It began shortly after I received the keys to my new home, upon stepping into the now cleared out resale apartment and seeing that wide expanse of floor space, that’s when I started shopping. I like furniture shopping, but what I love even more is shopping for designer furniture.
At first, it was just a statement piece, a Wishbone chair by Hans Wegner. When it comes to shopping for premium furniture, there are dining chairs and then there is the Wishbone.
This is a chair that was designed in 1949 and yet remains as classic and timeless as the day the final sketches were put into production (it was a Wednesday in fact, a little tidbit I uncovered after a trip to visit the Carl Hansen & Son factory in Aarup, Denmark to sift through the archives. Yes, I was that obsessed).

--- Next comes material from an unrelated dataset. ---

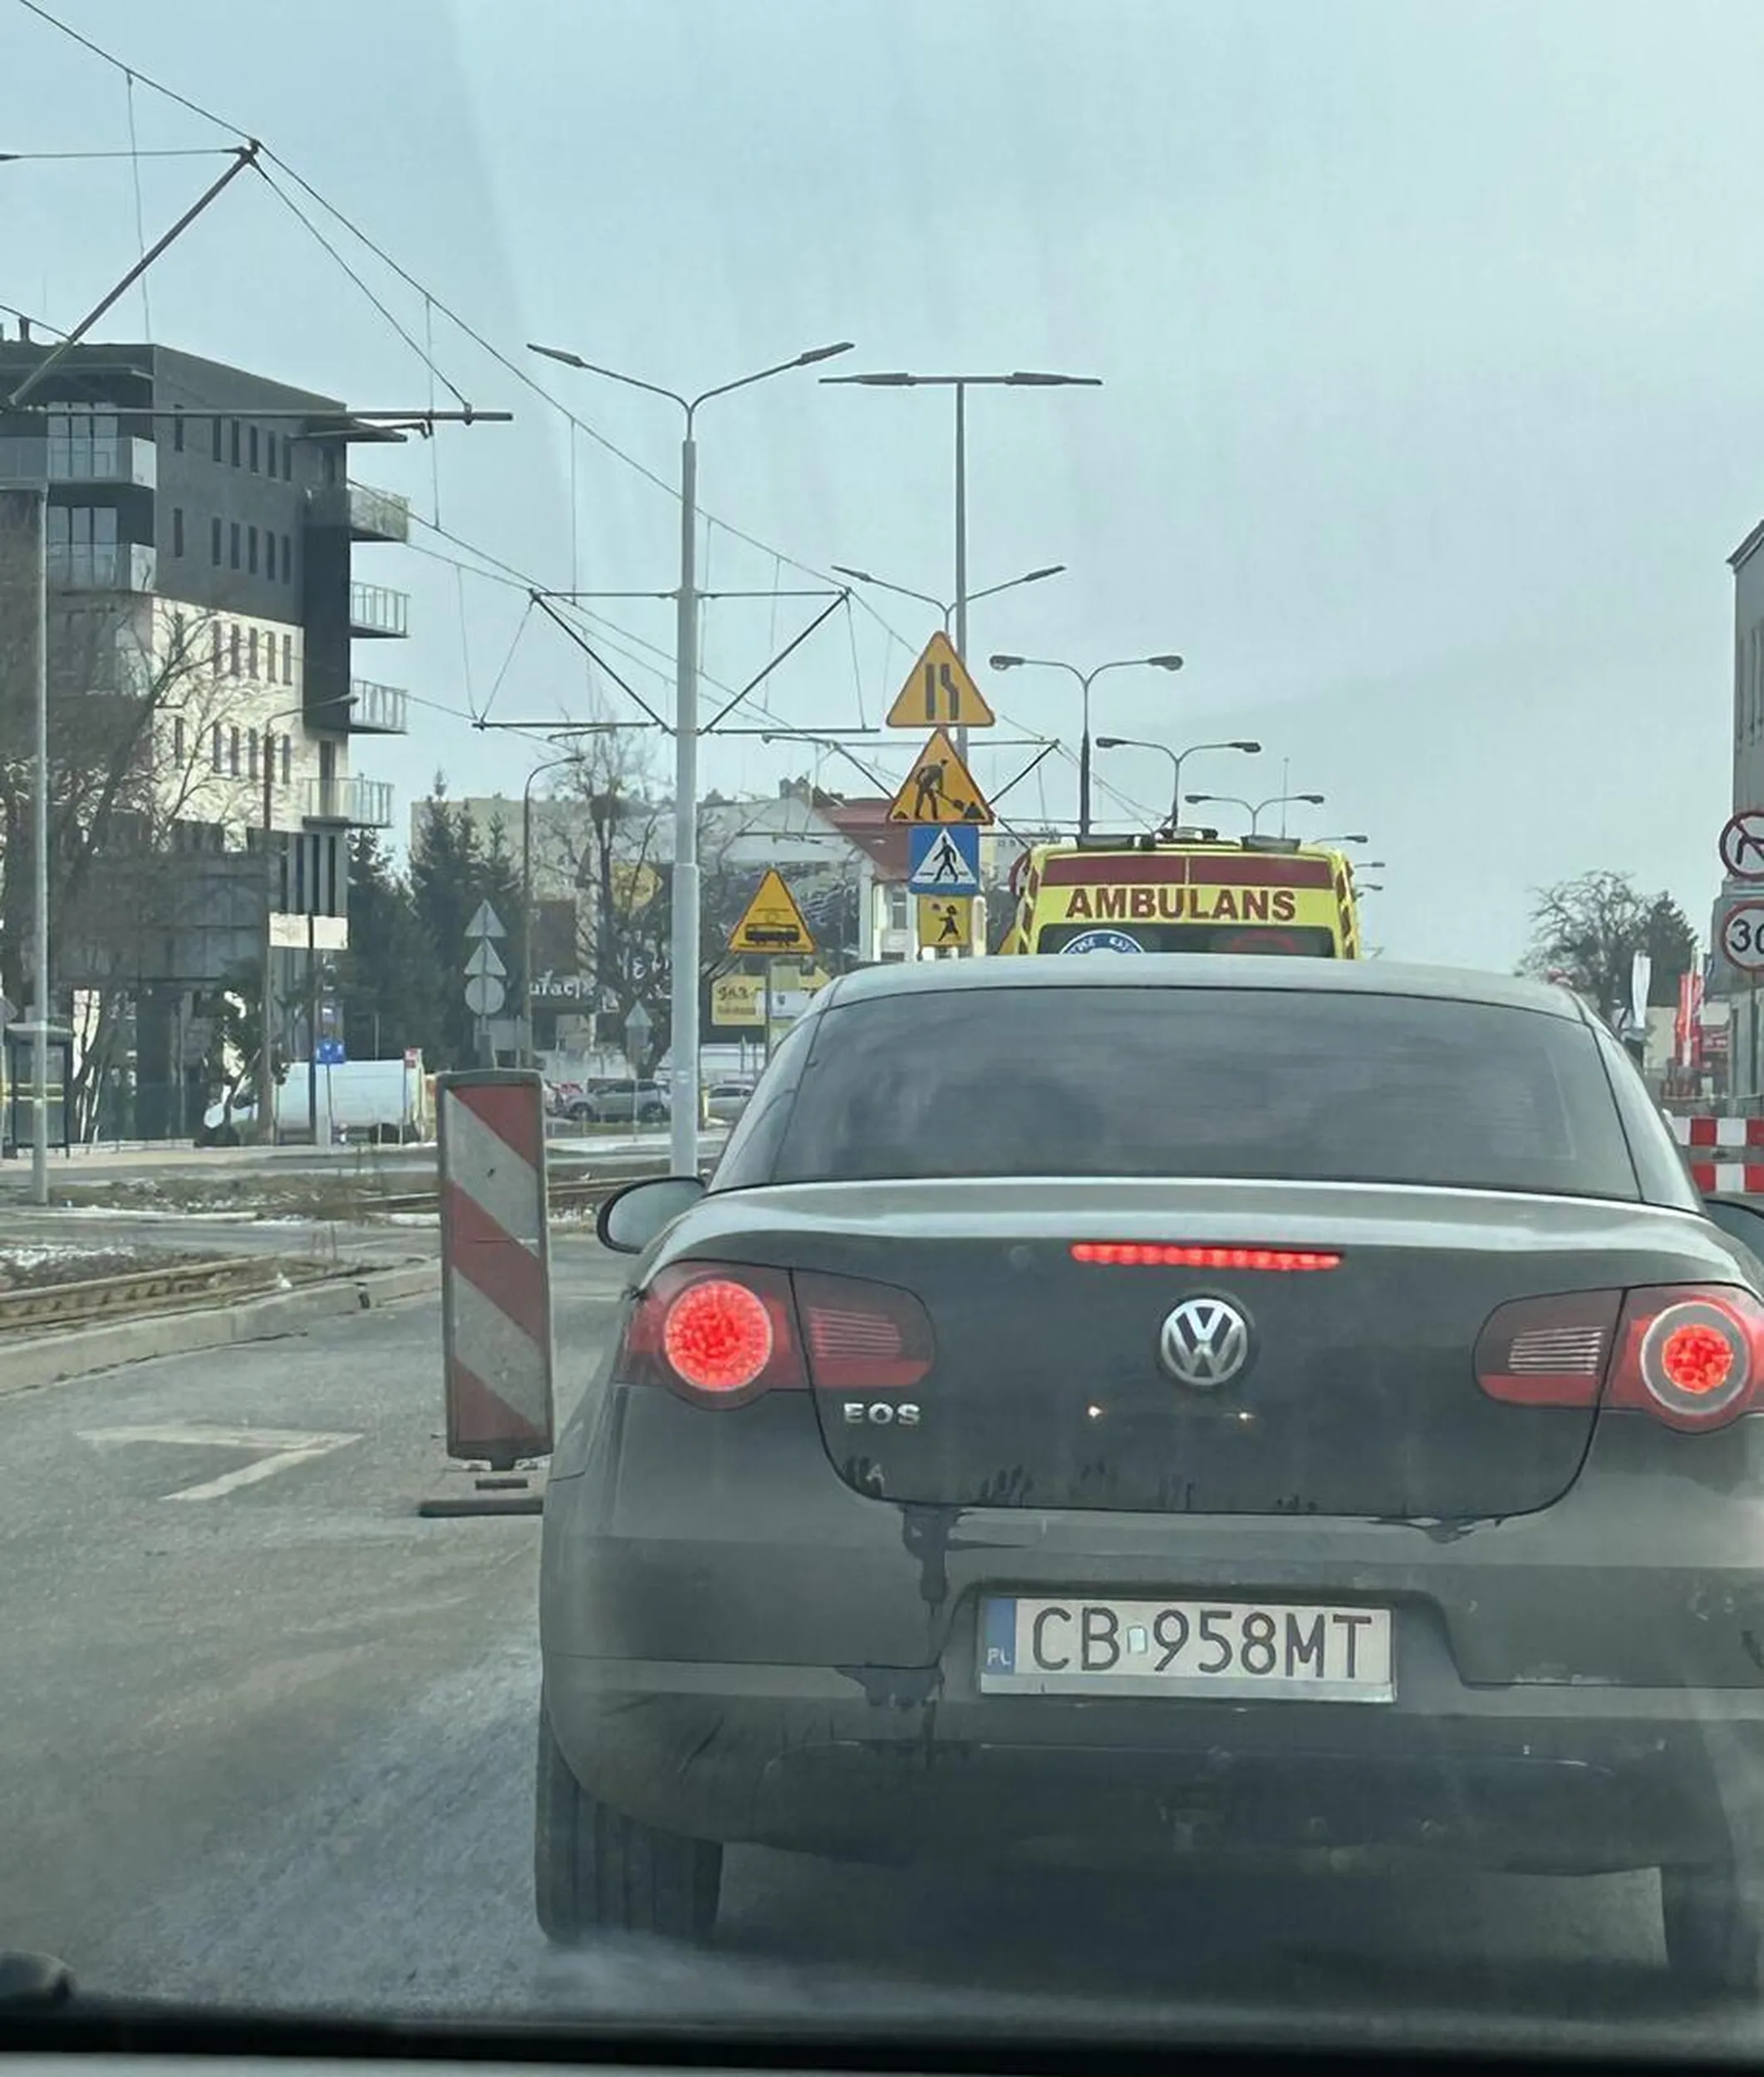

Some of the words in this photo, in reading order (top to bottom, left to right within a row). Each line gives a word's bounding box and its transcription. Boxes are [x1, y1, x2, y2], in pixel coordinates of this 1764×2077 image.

[1065, 886, 1296, 922] AMBULANS
[843, 1402, 921, 1425] EOS
[986, 1647, 1011, 1667] PL

So when it was time to decide on my choice of chairs for the dining area, naturally it had to be Wishbones. But then came the lounge chair for the living room, now that was a toughy because I’d been a fan of the LC4 by Le Corbusier as well as the Eames Lounge by the dynamic Mid-century duo Ray and Charles Eames.
Both of them are, in my opinion, absolute must-haves simply because their designs say so much without their forms becoming an overkill in a space. I would have purchased both, except my budget demanded I decide on one.
Soon my thirst for getting more finely finished and sumptuously upholstered pieces grew and overwhelmed me like an addiction. Every store I visited had something I wanted, no, needed.
Aside from being way out of the original budget I set for furniture, I also found myself constantly thinking of the next it piece I had to buy. I wouldn’t have seen the end of the tunnel had the government not implemented a two-month Circuit Breaker period owing to the pandemic.
It was like my personal form of quitting cold-turkey from browsing furniture stores and senselessly coming up with new excuses to whip my credit out to get something new for the home.
Sure there was still online shopping available, but the point of shopping for furniture is to be able to experience the sofa or chair or table up close, and be able to appreciate its intricate details before putting your name on invoice.
In those two months, I had no choice but to sit down and come face to face with a pile of mounting bills and a sobering realisation that it was going to take a significantly large chunk of my savings to clear them.
Ironically, I was still sitting on a makeshift stool because the shipments of designer furniture I’d bought were all stuck in ports around the world thanks to the near-global lockdown. It was at that moment when I received the revelation.
There will always be another collection to covet, and iconic pieces to get. Brands will never stop putting out fantastic-looking pieces because that’s what brands do. The chase for luxury was just a thinly-veiled attempt at filling my life with things so I could feel in control.
True luxury is having the time (because time is something we are always lacking) to just sit down and be content. There’s nothing wrong with buying great furniture, but make sure it’s you owning them and not the other way around.